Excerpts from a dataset
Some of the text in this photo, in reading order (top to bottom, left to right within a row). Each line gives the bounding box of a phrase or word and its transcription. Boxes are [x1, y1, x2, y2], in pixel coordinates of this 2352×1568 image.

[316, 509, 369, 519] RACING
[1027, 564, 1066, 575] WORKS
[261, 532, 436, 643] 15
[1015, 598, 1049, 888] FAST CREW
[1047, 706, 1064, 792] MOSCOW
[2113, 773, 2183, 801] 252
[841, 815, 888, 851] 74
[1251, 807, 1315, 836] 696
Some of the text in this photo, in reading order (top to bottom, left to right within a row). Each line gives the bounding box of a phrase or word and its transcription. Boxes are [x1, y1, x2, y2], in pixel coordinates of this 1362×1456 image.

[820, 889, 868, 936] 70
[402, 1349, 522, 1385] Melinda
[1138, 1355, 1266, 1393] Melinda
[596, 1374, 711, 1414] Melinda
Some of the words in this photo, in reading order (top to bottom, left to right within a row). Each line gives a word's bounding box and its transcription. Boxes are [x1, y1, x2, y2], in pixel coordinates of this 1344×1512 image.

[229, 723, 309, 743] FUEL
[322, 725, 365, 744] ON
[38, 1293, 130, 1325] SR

TASK PROMPT >> Nothing is to be left out: set down all the records again exactly.

TASK ANSWER >>
Some of the text in this photo, in reading order (top to bottom, left to right within a row). Each line gives the bounding box of a phrase or word and its transcription. Boxes are [x1, y1, x2, y2], in pixel coordinates of this 2352×1568 image.

[316, 509, 369, 519] RACING
[1027, 564, 1066, 575] WORKS
[261, 532, 436, 643] 15
[1015, 598, 1049, 888] FAST CREW
[1047, 706, 1064, 792] MOSCOW
[2113, 773, 2183, 801] 252
[841, 815, 888, 851] 74
[1251, 807, 1315, 836] 696
Some of the text in this photo, in reading order (top to bottom, left to right within a row). Each line gives the bounding box of a phrase or word and its transcription. Boxes are [x1, y1, x2, y2], in pixel coordinates of this 1362×1456 image.

[820, 889, 868, 936] 70
[402, 1349, 522, 1385] Melinda
[1138, 1355, 1266, 1393] Melinda
[596, 1374, 711, 1414] Melinda
Some of the words in this photo, in reading order (top to bottom, left to right within a row). Each line gives a word's bounding box and its transcription. Boxes are [x1, y1, x2, y2], in pixel coordinates of this 1344×1512 image.

[229, 723, 309, 743] FUEL
[322, 725, 365, 744] ON
[38, 1293, 130, 1325] SR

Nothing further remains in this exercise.